» Goal of the exercise:
Your answer must be an exact copy of the entries below, with no pictures in it.

» Extracted material:
···

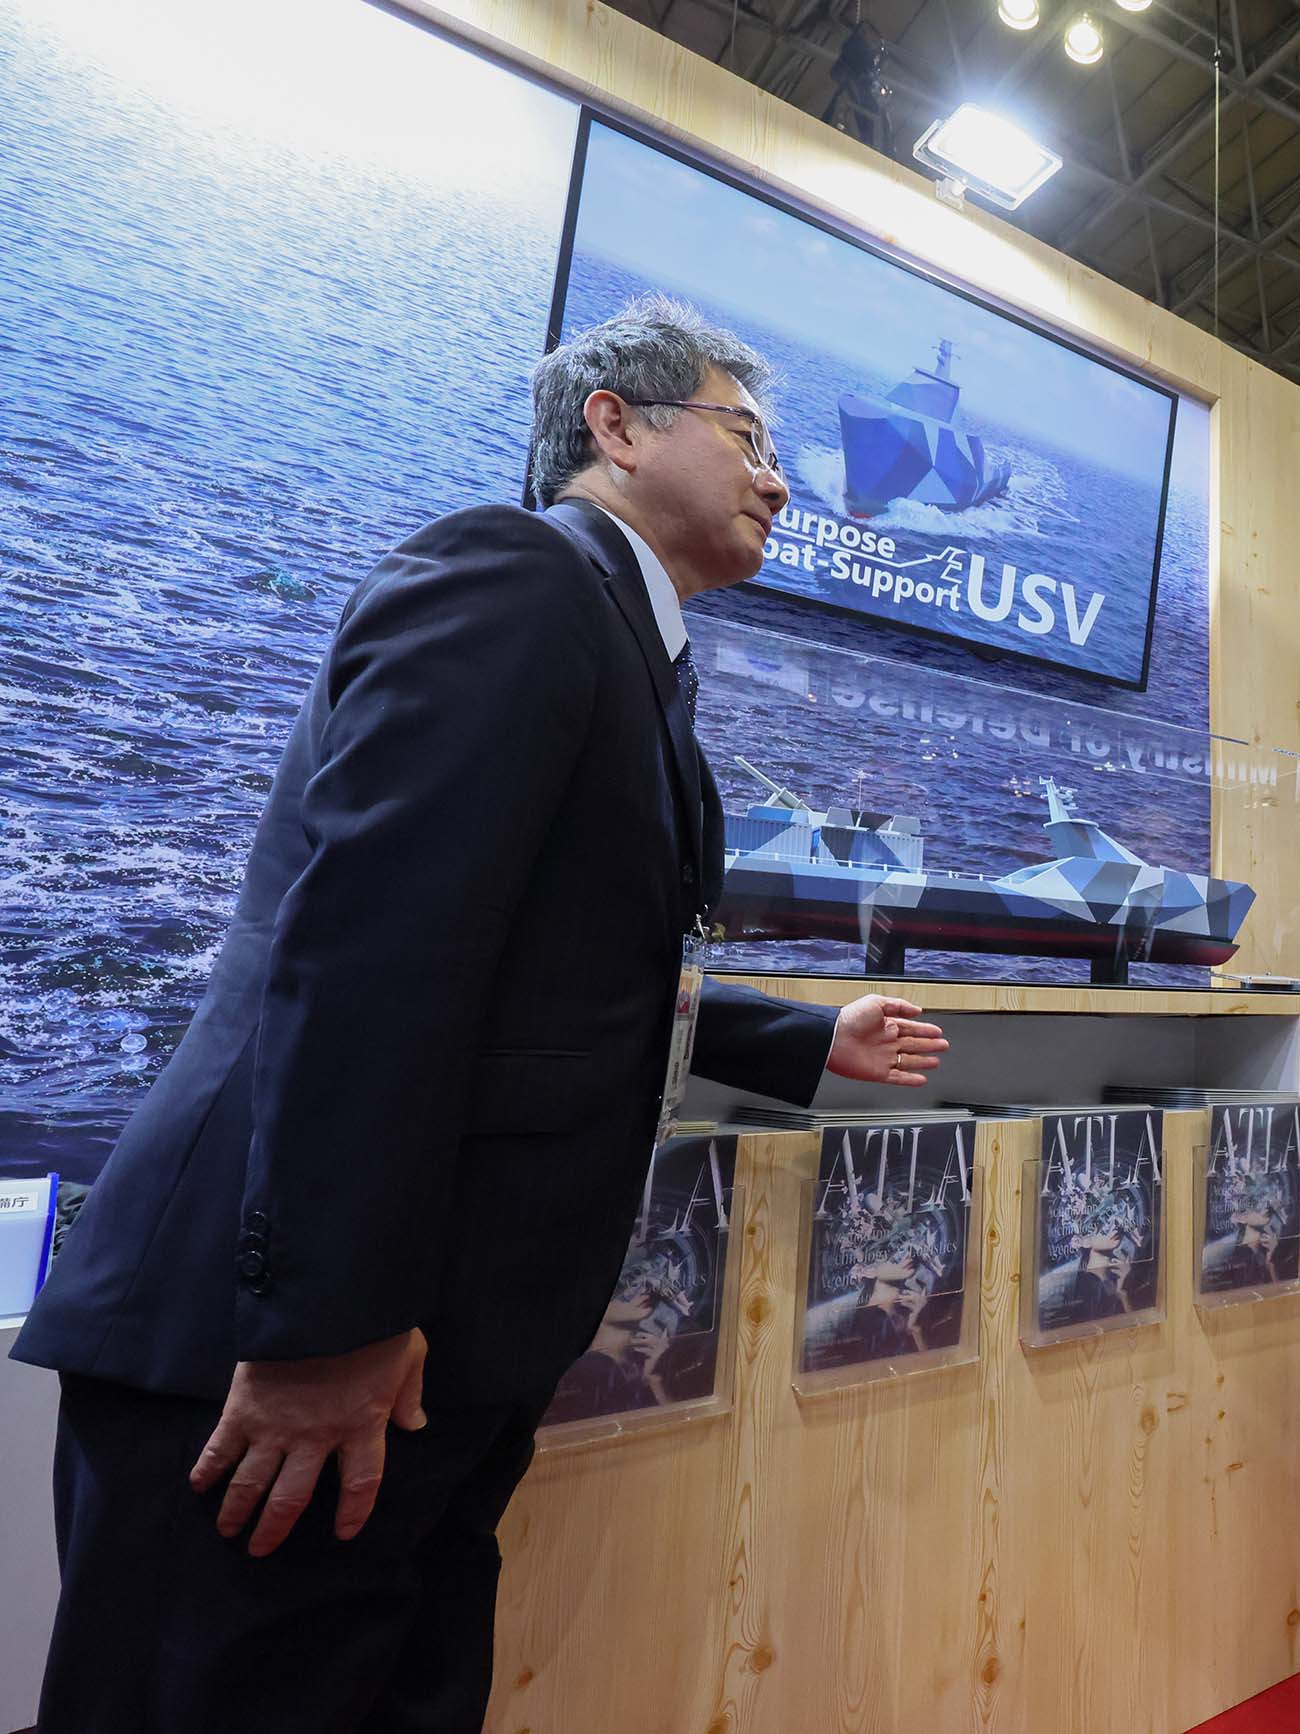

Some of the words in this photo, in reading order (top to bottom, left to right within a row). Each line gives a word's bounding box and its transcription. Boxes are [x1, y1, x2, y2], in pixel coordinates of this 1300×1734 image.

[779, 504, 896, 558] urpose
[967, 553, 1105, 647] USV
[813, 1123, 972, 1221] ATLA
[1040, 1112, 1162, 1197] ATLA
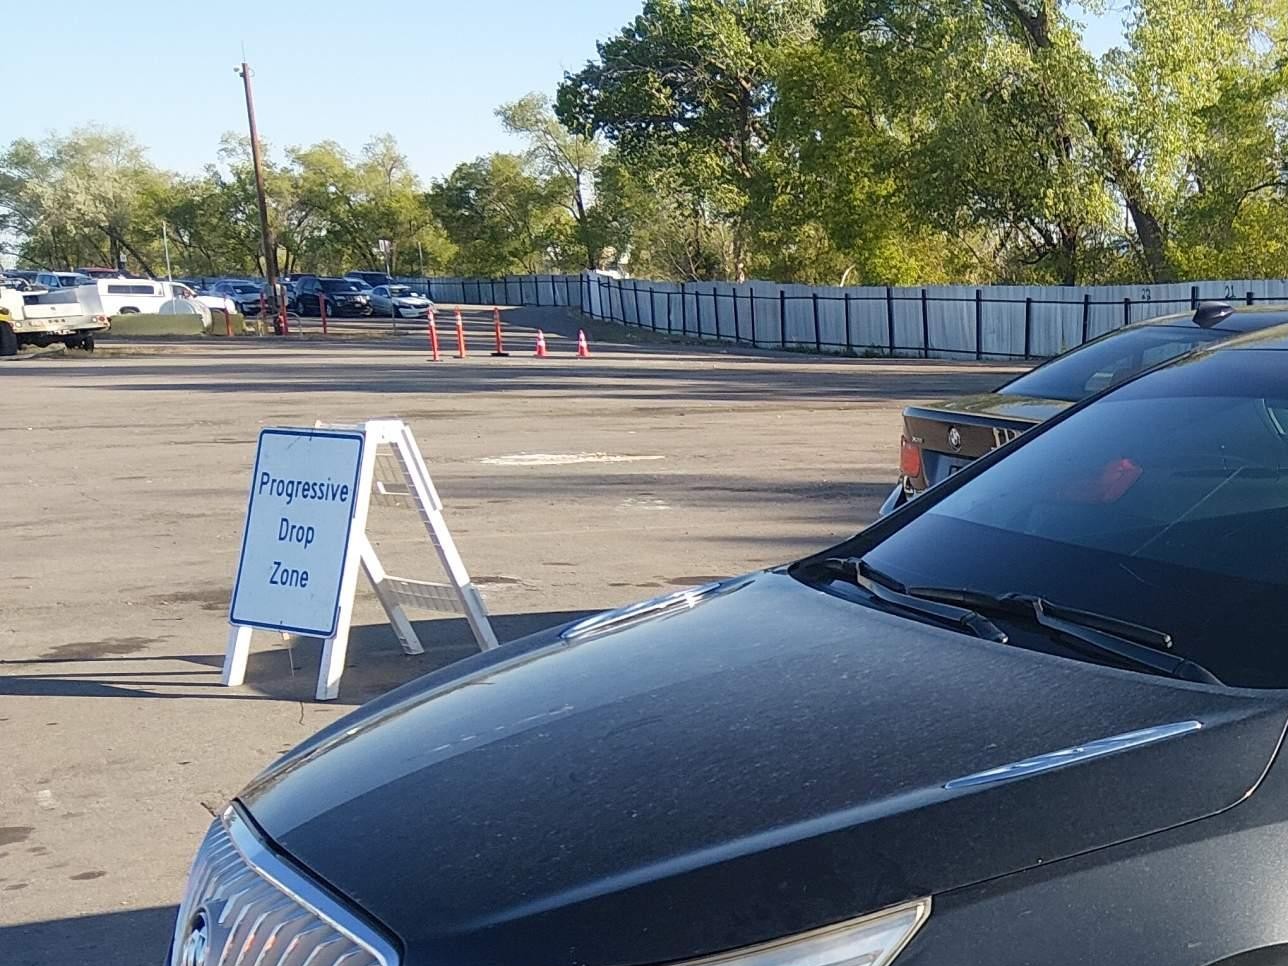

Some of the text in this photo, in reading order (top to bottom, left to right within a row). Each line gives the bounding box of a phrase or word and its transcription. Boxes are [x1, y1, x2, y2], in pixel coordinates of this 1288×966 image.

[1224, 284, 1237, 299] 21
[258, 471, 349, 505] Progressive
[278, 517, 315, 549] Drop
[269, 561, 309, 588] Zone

···

» Exercise solution:
Some of the words in this photo, in reading order (top to bottom, left to right within a row). Each line gives a word's bounding box and its transcription. Boxes are [x1, y1, x2, y2], in pixel coordinates of this 1300×1734 image.

[779, 504, 896, 558] urpose
[967, 553, 1105, 647] USV
[813, 1123, 972, 1221] ATLA
[1040, 1112, 1162, 1197] ATLA

Some of the text in this photo, in reading order (top to bottom, left to right within a row). Each line gives the bounding box of a phrase or word and its transcription. Boxes are [x1, y1, x2, y2], in pixel coordinates of this 1288×966 image.

[1224, 284, 1237, 299] 21
[258, 471, 349, 505] Progressive
[278, 517, 315, 549] Drop
[269, 561, 309, 588] Zone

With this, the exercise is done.